BEGIN
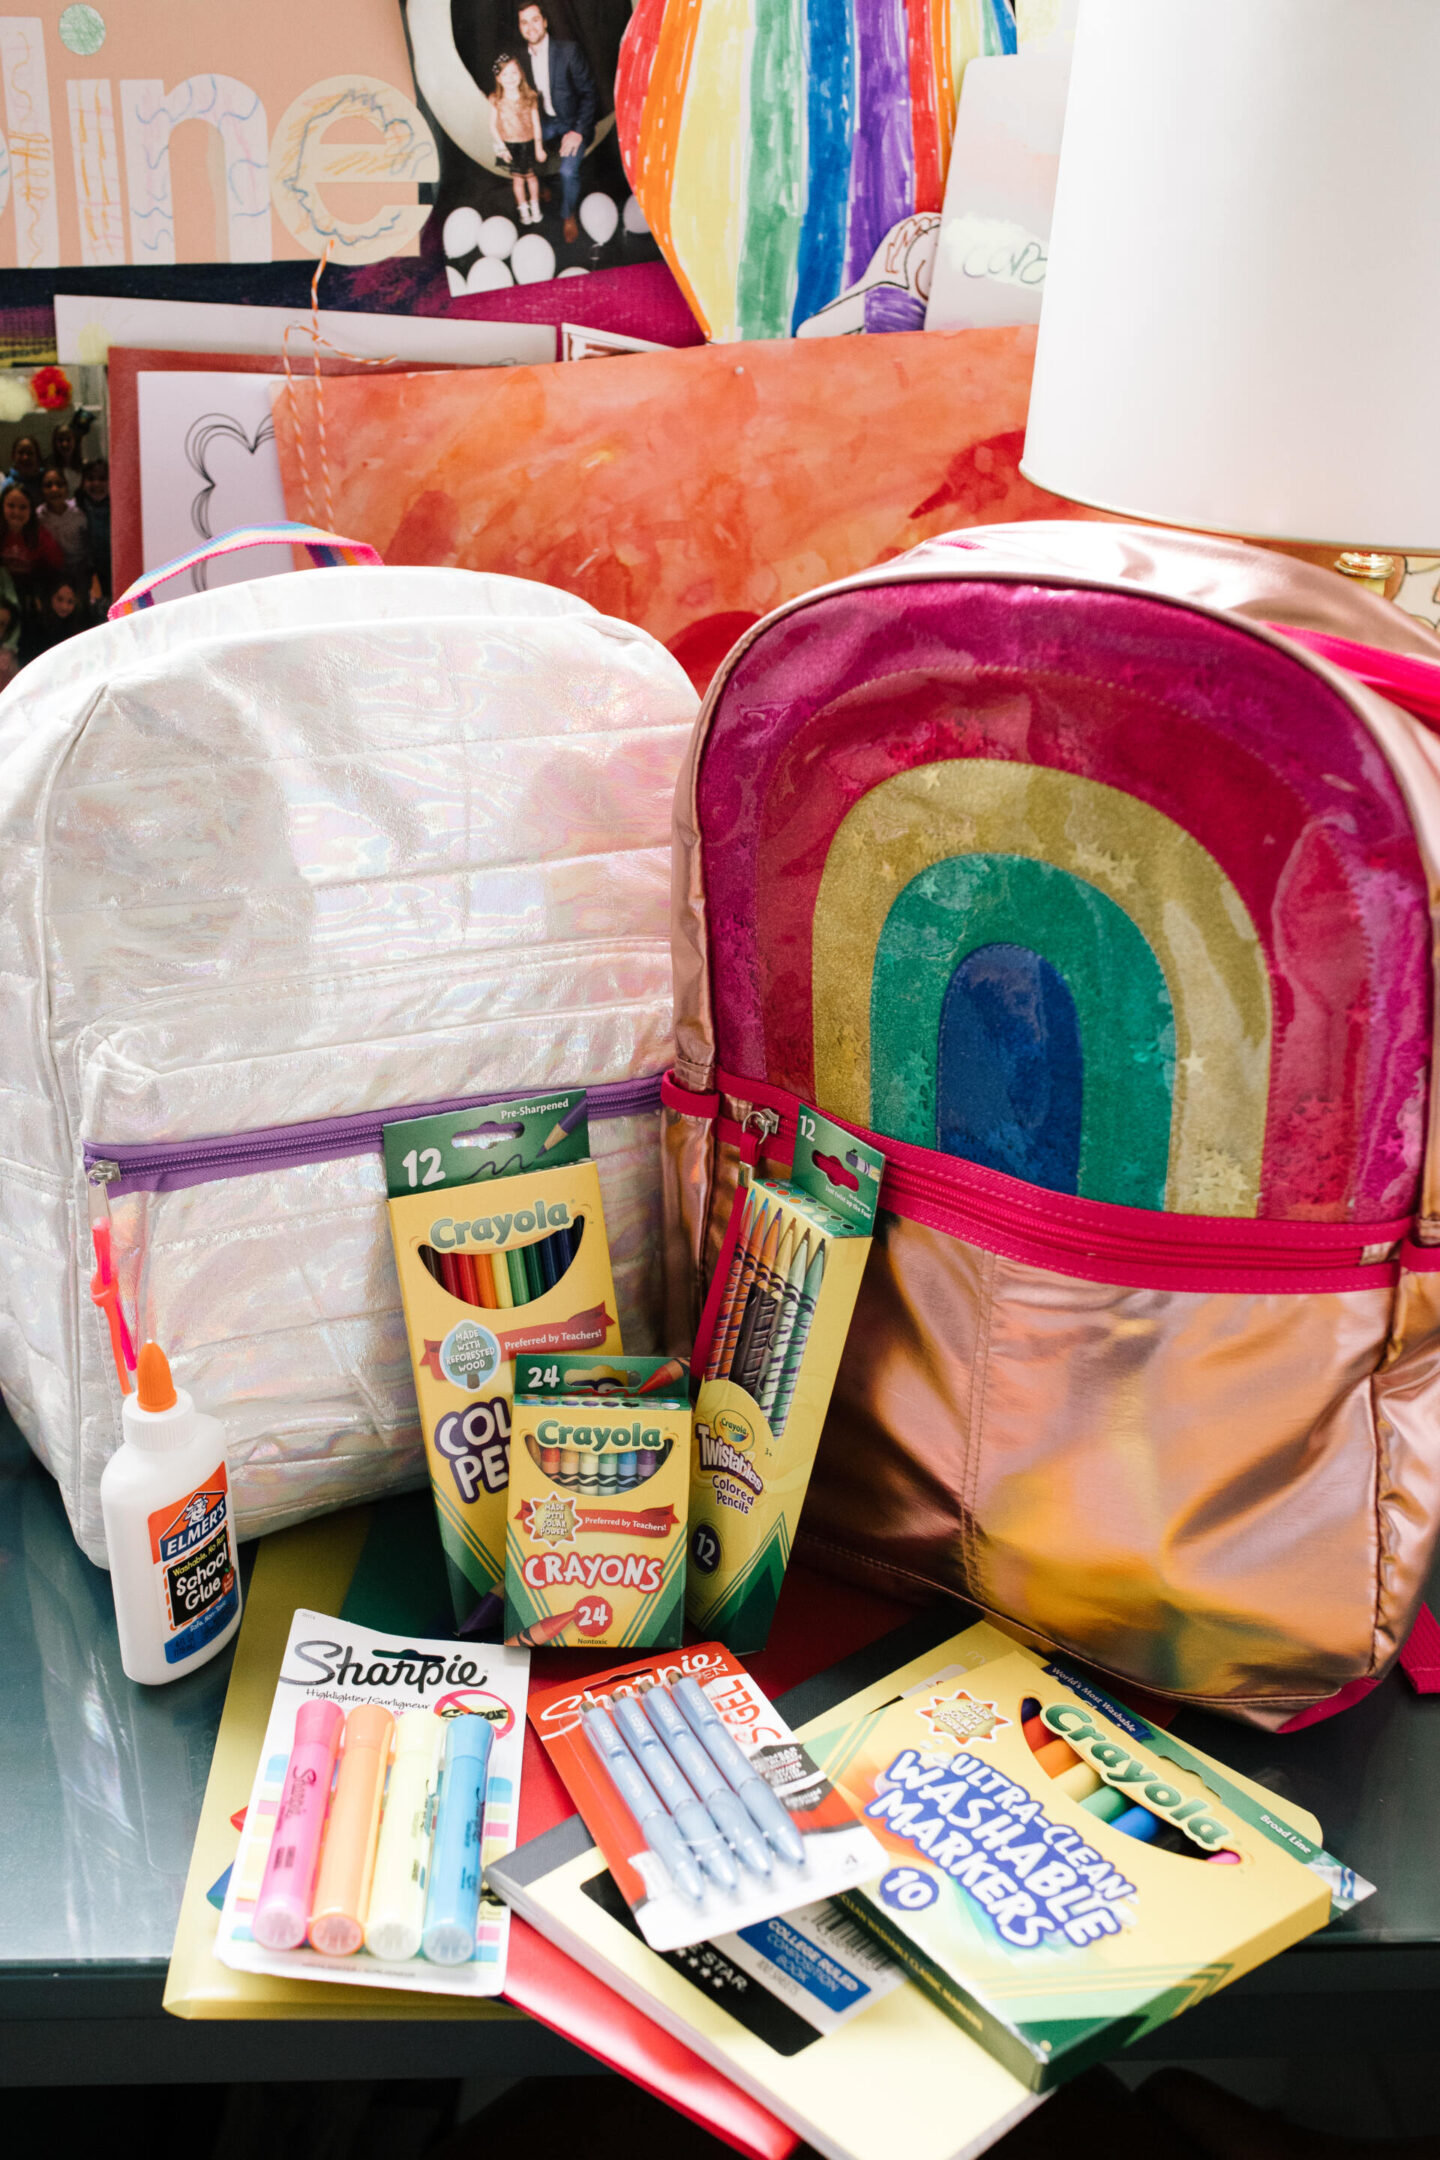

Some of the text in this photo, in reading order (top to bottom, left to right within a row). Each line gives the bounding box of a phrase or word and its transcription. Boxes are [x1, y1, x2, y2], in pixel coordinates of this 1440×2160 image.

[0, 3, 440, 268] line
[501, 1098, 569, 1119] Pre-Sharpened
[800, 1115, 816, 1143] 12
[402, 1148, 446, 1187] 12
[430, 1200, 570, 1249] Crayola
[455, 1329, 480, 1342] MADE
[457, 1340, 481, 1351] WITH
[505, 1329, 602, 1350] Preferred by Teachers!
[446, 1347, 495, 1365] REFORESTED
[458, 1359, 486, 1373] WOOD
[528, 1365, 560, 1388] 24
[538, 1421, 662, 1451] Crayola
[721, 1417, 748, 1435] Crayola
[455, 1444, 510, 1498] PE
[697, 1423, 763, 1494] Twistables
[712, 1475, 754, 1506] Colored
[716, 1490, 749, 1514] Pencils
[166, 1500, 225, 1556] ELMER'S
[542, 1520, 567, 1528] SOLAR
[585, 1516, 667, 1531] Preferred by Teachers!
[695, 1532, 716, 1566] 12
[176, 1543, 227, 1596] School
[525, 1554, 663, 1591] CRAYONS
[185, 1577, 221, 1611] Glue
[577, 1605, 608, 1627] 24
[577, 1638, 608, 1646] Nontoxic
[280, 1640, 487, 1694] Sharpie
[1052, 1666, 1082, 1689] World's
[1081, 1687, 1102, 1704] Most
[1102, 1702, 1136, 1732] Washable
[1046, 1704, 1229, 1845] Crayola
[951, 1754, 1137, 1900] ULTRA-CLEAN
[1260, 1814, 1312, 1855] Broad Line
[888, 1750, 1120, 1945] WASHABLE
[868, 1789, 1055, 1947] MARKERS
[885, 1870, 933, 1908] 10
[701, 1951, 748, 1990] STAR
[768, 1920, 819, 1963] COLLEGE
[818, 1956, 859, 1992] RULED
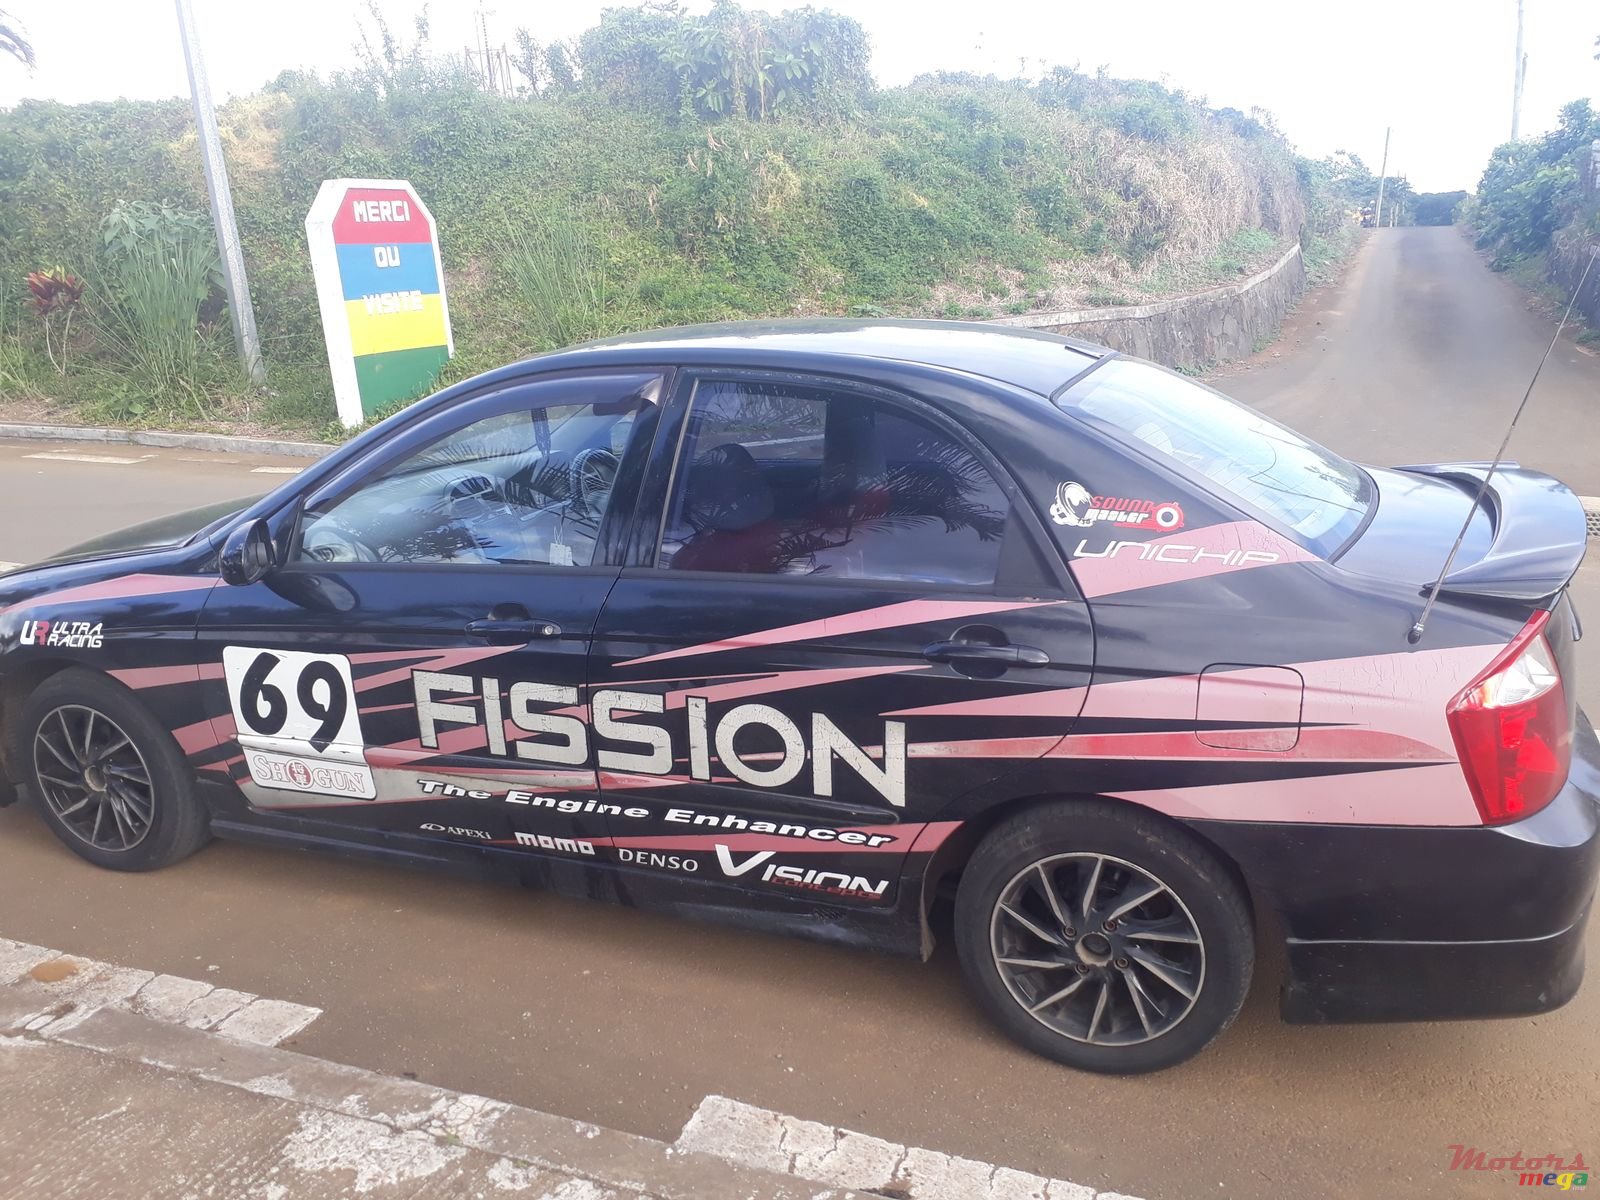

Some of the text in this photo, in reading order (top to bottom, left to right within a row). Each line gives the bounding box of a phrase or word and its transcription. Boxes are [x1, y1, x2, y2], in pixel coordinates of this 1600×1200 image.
END
BEGIN
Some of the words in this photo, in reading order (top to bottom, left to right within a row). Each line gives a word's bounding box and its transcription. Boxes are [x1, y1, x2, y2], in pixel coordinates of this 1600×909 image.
END
BEGIN
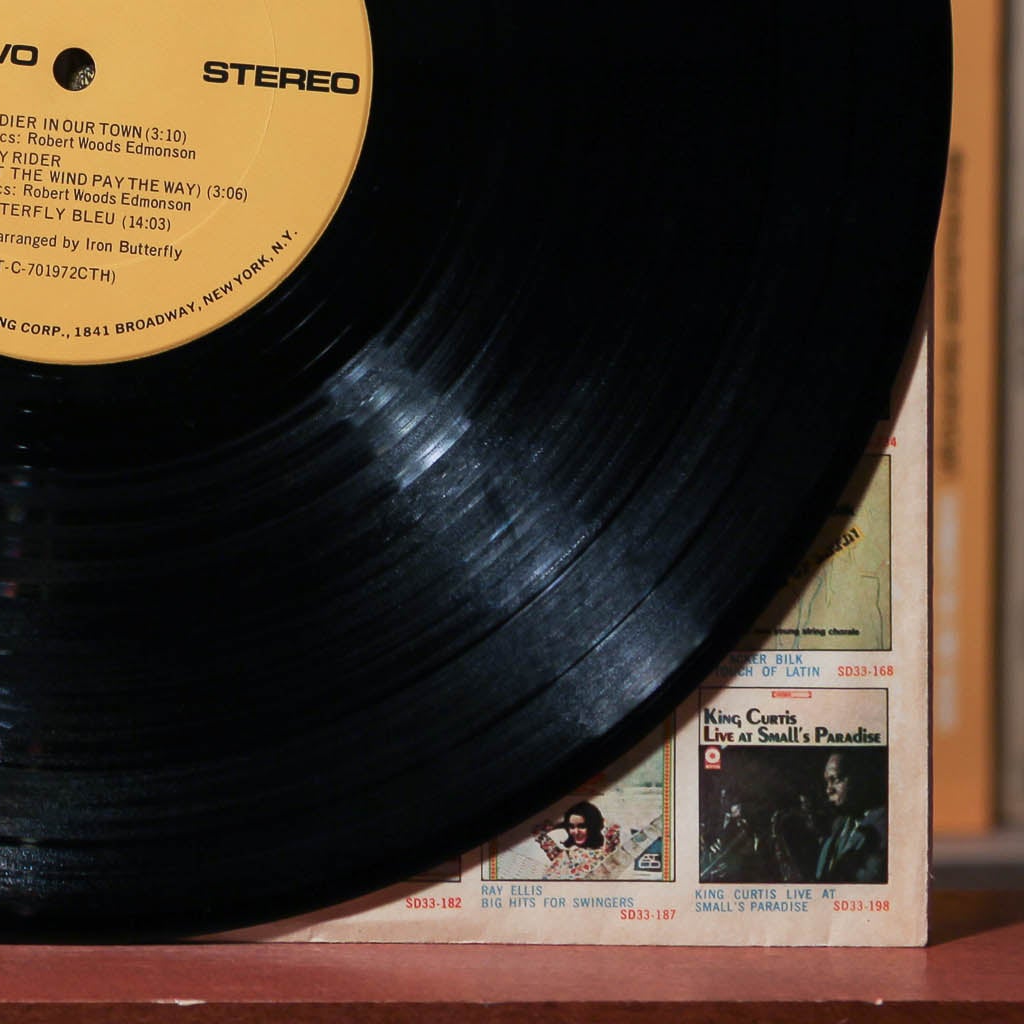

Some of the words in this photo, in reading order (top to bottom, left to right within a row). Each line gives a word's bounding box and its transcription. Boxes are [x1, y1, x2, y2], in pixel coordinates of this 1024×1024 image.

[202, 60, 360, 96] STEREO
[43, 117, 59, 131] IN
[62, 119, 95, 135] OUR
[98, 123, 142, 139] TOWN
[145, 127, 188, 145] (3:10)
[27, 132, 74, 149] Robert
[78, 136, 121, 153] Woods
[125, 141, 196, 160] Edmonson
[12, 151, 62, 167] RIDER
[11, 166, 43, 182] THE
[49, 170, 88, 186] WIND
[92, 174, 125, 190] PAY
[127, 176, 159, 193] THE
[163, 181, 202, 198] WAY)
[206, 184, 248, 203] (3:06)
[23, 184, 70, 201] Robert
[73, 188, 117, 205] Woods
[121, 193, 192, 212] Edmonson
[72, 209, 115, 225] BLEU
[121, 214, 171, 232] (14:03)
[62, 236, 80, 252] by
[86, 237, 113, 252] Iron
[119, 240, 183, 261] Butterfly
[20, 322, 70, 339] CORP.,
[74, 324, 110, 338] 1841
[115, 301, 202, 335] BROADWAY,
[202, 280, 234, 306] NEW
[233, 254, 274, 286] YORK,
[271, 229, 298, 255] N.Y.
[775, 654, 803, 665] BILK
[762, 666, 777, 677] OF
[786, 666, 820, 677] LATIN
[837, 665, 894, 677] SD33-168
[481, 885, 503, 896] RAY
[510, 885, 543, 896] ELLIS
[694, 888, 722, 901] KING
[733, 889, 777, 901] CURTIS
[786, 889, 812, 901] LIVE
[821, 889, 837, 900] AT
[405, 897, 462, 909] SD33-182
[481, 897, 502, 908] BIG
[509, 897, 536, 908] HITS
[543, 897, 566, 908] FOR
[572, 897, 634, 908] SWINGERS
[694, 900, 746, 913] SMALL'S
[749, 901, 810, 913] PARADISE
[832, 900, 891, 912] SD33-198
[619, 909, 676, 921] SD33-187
END
> _Problem statement_
Each line above from the one containing "this 1440×2160 image." through the one containing "this 1600×1200 image." is to be returned verbatim. Nothing else, and no pictures.

> _Answer_
Some of the text in this photo, in reading order (top to bottom, left to right within a row). Each line gives the bounding box of a phrase or word and its transcription. Boxes are [x1, y1, x2, y2], in pixel coordinates of this 1440×2160 image.

[0, 3, 440, 268] line
[501, 1098, 569, 1119] Pre-Sharpened
[800, 1115, 816, 1143] 12
[402, 1148, 446, 1187] 12
[430, 1200, 570, 1249] Crayola
[455, 1329, 480, 1342] MADE
[457, 1340, 481, 1351] WITH
[505, 1329, 602, 1350] Preferred by Teachers!
[446, 1347, 495, 1365] REFORESTED
[458, 1359, 486, 1373] WOOD
[528, 1365, 560, 1388] 24
[538, 1421, 662, 1451] Crayola
[721, 1417, 748, 1435] Crayola
[455, 1444, 510, 1498] PE
[697, 1423, 763, 1494] Twistables
[712, 1475, 754, 1506] Colored
[716, 1490, 749, 1514] Pencils
[166, 1500, 225, 1556] ELMER'S
[542, 1520, 567, 1528] SOLAR
[585, 1516, 667, 1531] Preferred by Teachers!
[695, 1532, 716, 1566] 12
[176, 1543, 227, 1596] School
[525, 1554, 663, 1591] CRAYONS
[185, 1577, 221, 1611] Glue
[577, 1605, 608, 1627] 24
[577, 1638, 608, 1646] Nontoxic
[280, 1640, 487, 1694] Sharpie
[1052, 1666, 1082, 1689] World's
[1081, 1687, 1102, 1704] Most
[1102, 1702, 1136, 1732] Washable
[1046, 1704, 1229, 1845] Crayola
[951, 1754, 1137, 1900] ULTRA-CLEAN
[1260, 1814, 1312, 1855] Broad Line
[888, 1750, 1120, 1945] WASHABLE
[868, 1789, 1055, 1947] MARKERS
[885, 1870, 933, 1908] 10
[701, 1951, 748, 1990] STAR
[768, 1920, 819, 1963] COLLEGE
[818, 1956, 859, 1992] RULED

Some of the text in this photo, in reading order (top to bottom, left to right within a row). Each line gives the bounding box of a phrase or word and its transcription. Boxes are [x1, y1, x2, y2], in pixel coordinates of this 1600×1200 image.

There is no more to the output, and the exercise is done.